呕吐物的误吸或异物刺伤喉、气管壁,使部分异物从食管排斥到气管,形成所谓迁移性异物。Jackson则认为异物引起咳嗽、发绀、呼吸困难等肺部症状,有以下4种可能:①分泌物反流误吸;②异物巨大,压迫气管壁;③异物引起邻近组织感染,向喉和气管扩散;④食管-气管瘘。
7.临床差异 由于不同患者的个体差异,病史特点及异物的类型各不相同,其临床表现也千差万别。异物的长期存留,常导致不良后果,即使异物圆钝光滑,亦可使食管壁黏膜产生充血、肿胀、肉芽形成,致使吞咽困难加重。若为尖锐异物,停留时间长者更易发生食管周围感染和侵蚀大血管。由于患者的耐受性不一,因此不能单以症状的严重程度判断病情,还应结合其他因素,尤其是异物的类型、停留部位和异物的刺激性等加以判断。此外,个别病人也可初期症状明显,随后因异物下滑入胃而症状消失。但对于临床判断很可能有异物存留者,切不可因尚能进食而疏忽。

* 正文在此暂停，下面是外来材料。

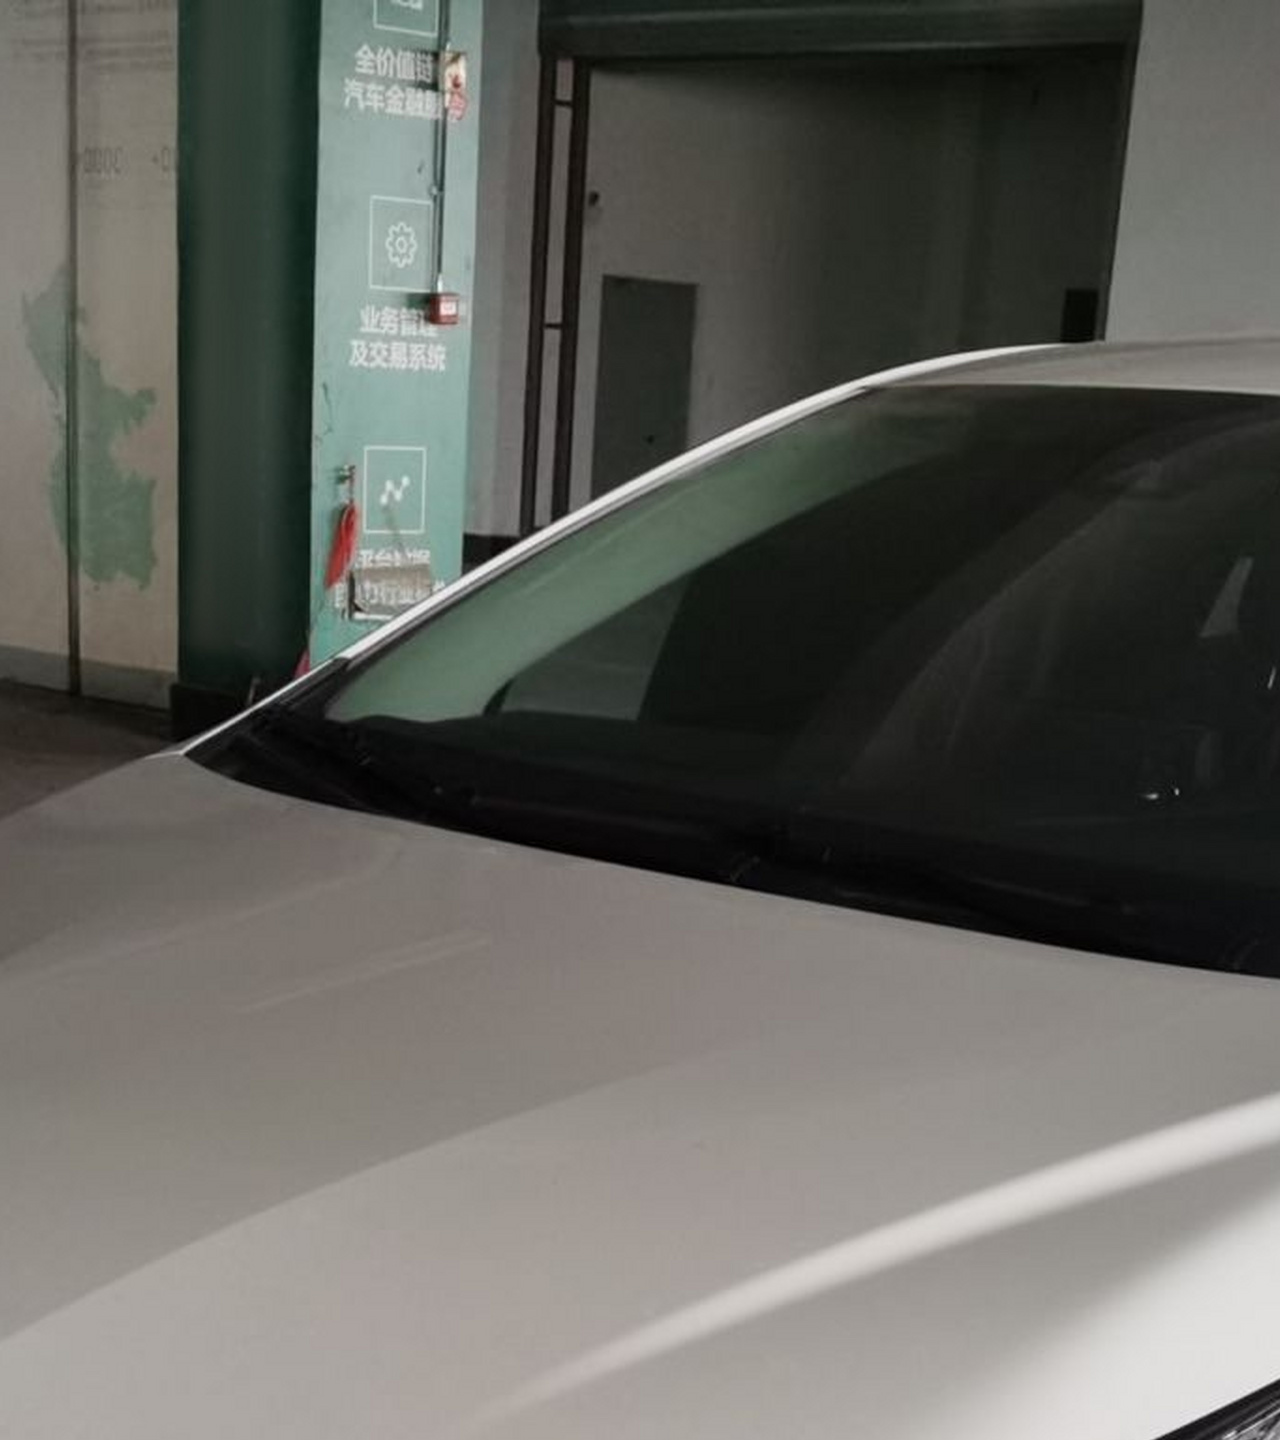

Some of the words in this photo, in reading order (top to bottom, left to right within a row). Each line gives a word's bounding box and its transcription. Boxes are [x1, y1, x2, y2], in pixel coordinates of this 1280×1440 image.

[349, 338, 446, 371] 及交易系统

据统计,10%的病人因异物较小、症状不明显而延误诊治。
1.病史分析 吞咽异物的病史对诊断非常重要,有人认为依据病史和症状可初步诊断食管异物,其正确性有时比X线拍片还要可靠。凡患者有明显的食管异物病史,以后又出现吞咽困难、疼痛或其他症状,即应怀疑异物存留。
有明确的异物史及程度不一的食管异物症状,有经验的临床医师可据此判断异物的存在和停留部位。但婴幼儿不能直接陈述和表达其症状,加之喂养的流质食物(牛奶等)易于通过异物停留处,因此可不出现吞咽困难或因出现呼吸道症状而延误诊断。当一些婴幼儿出现拒食、涎液突然增多、进食后不明原因的呕吐、烦躁不安,用手搔抓颈部等,应想到本病。
采集异物史,应注意询问下列问题:
(1)异物种类:尖锐性食管异物容易刺破和撕裂食管黏膜,甚至食管全层造成食管穿孔,仅刺破黏膜也由于形成壁内脓肿而继发穿孔;巨大异物也可致食管撕裂;光滑异物长期腐蚀可造成继发性穿孔。

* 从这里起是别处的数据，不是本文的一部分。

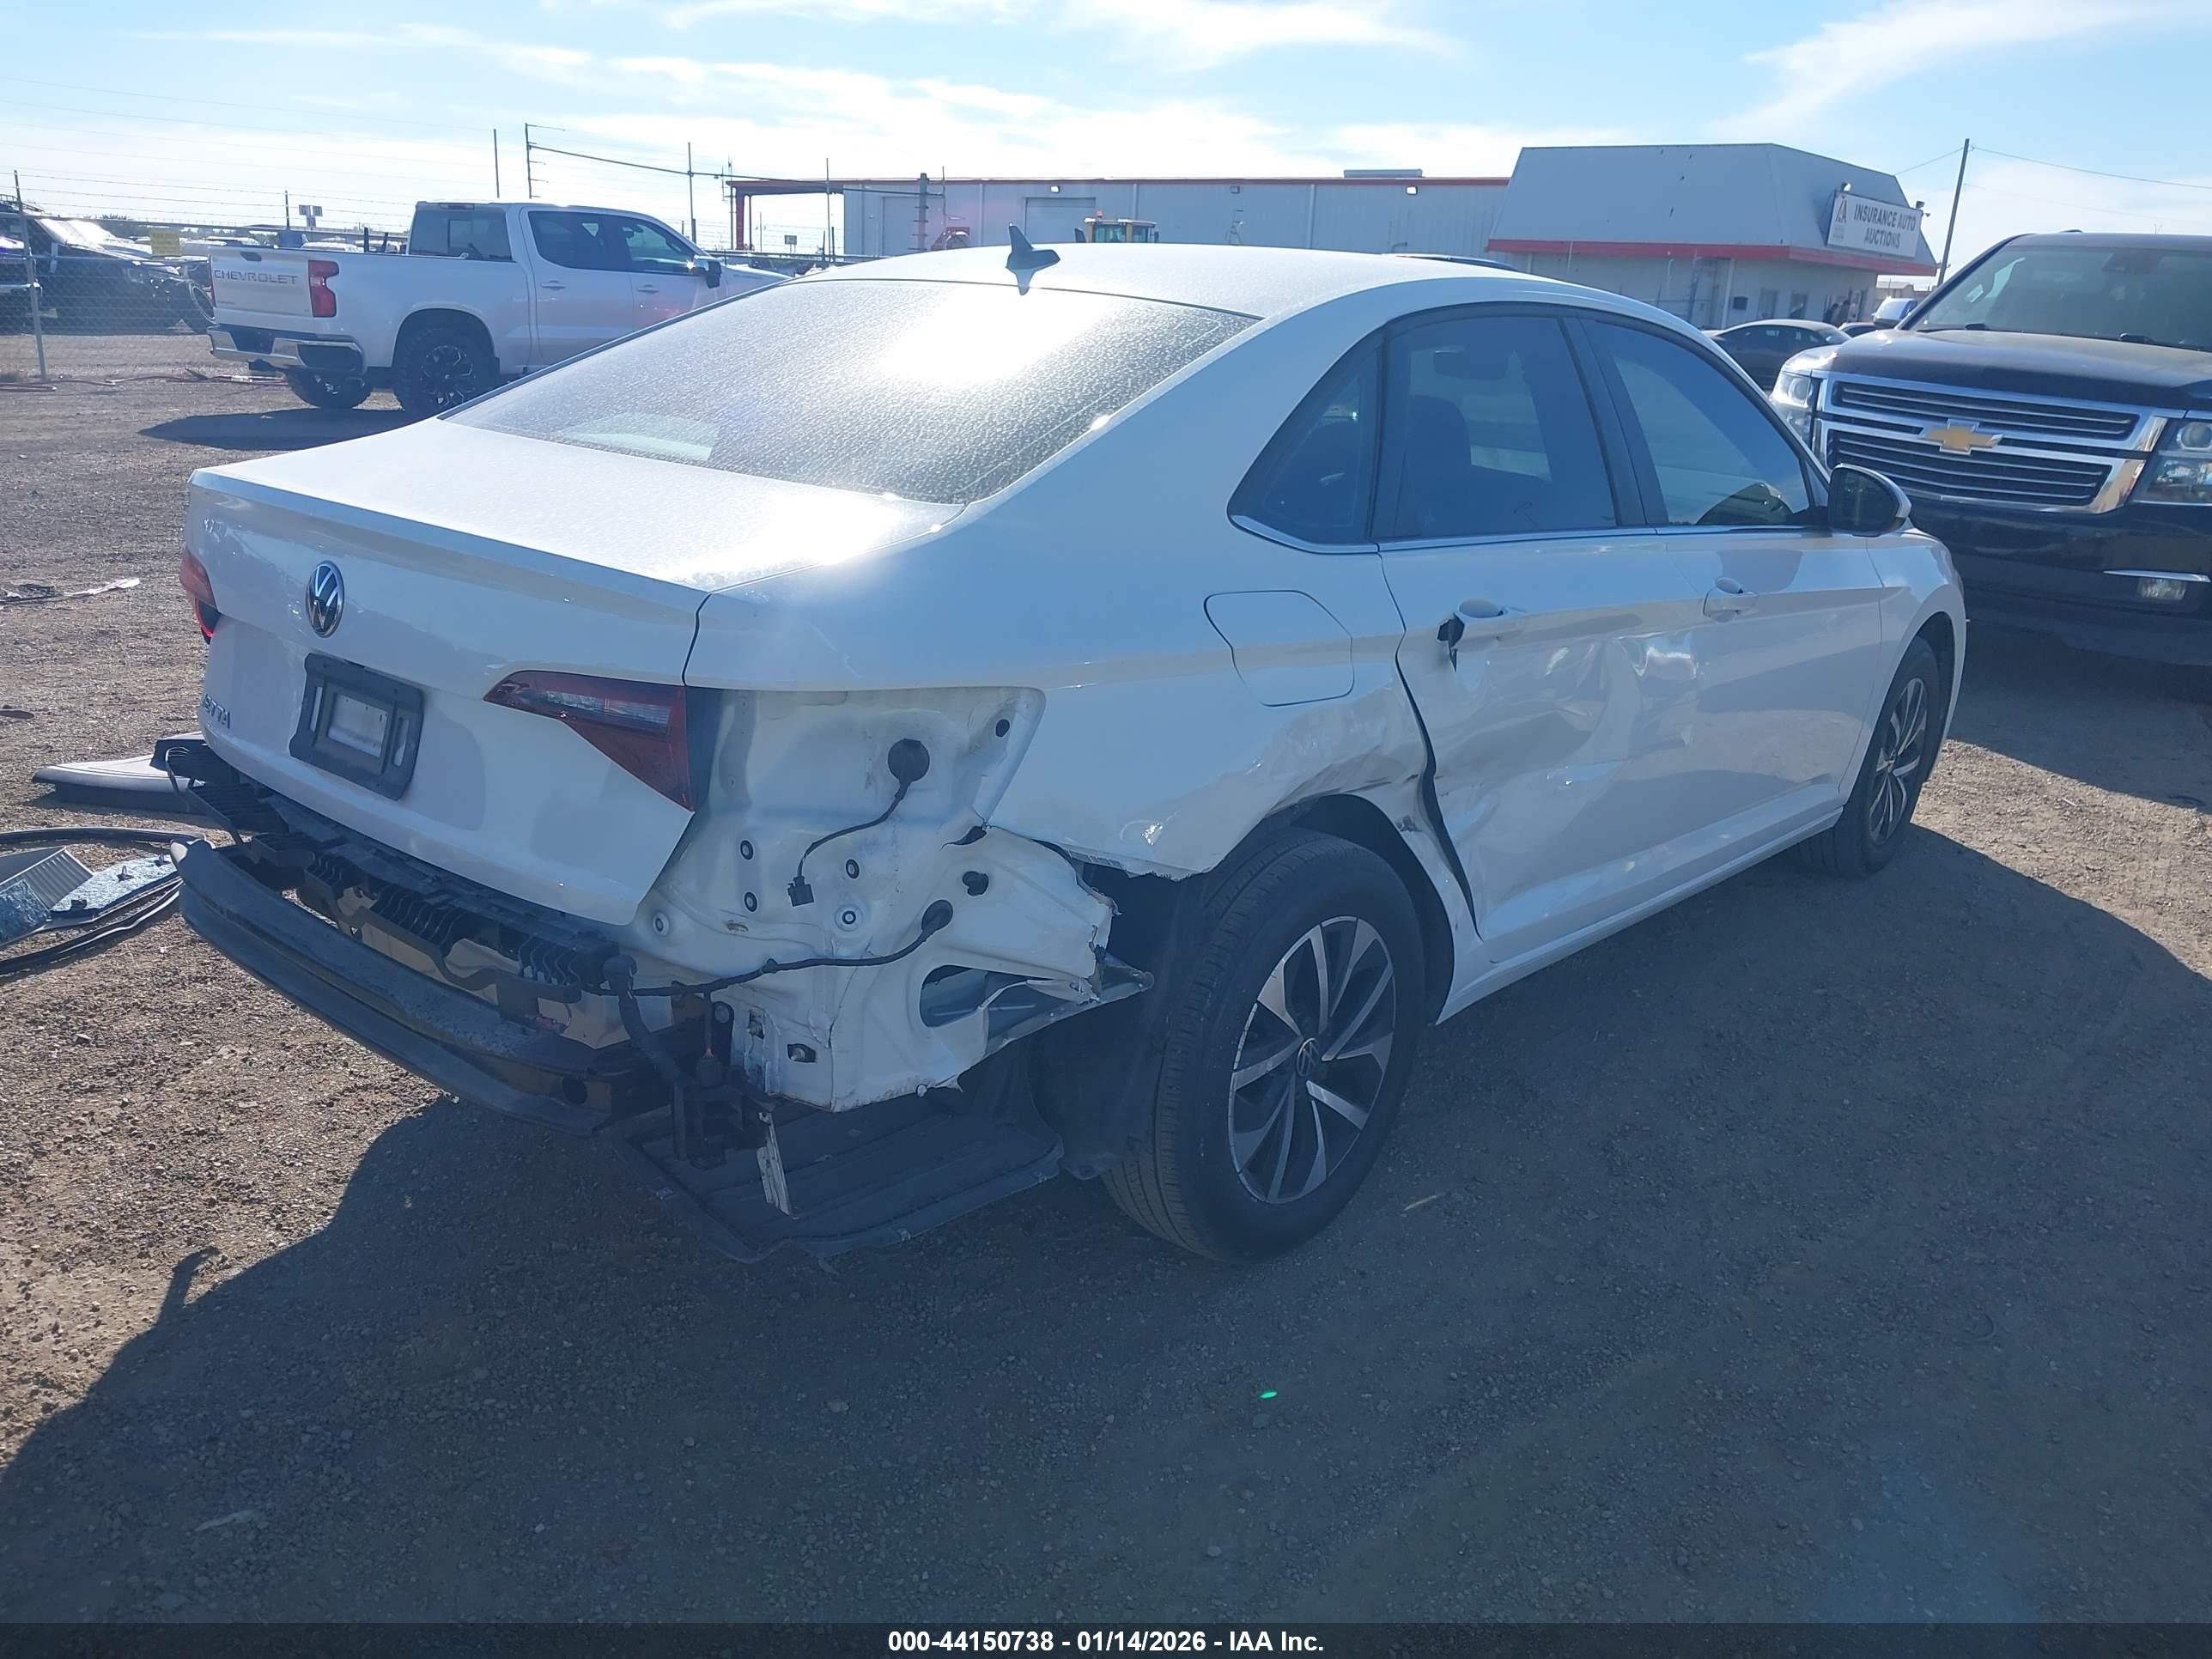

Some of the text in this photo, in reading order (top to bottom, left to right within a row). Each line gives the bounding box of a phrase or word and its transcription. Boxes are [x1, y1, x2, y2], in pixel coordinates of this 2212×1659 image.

(2)强力吞咽因素:咽入异物后,病人几乎均有用力吞咽食物试图迫使异物入胃的病史。如果异物未能入胃,则会加大并发食管穿孔的几率。
(3)异物存留时间:异物嵌入或嵌顿于食管,长期存留,食管壁可由于异物腐蚀,继发感染而致食管穿孔。
(4)症状发展因素:临床症状迅速发展和加重,常提示可能出现食管破裂穿孔和感染等。
2.体格检查
(1)喝水检诊法:用于检诊尖形异物嵌顿于颈部食管者。检查时可嘱病人饮水,病人出现吞咽困难和面部痛苦表情有诊断意义。如果尖形异物已刺入食管壁,则上述症状加重。并发颈部炎症肿胀时,就不应再用此法检查,以免咽下的水流至食管外或进入气管。
(2)颈部检诊法 位于颈部的食管异物,其相应部位有固定压痛点,转动颈部时疼痛加剧。在胸锁乳突肌前缘向食管侧方压迫时有刺痛,压迫和移动气管亦有疼痛或使疼痛加重,这些现象对诊断颈部食管异物,尤其是尖锐异物有非常重要的价值。
并发颈段食管周围炎、周围脓肿时,可见颈前下部胸锁乳突肌前缘附近区域的皮肤肿胀,可触及皮下气肿及肿块等。对于食管中、下段异物,只有发生并发症时颈部物理检查才显得重要,一般无阳性体征。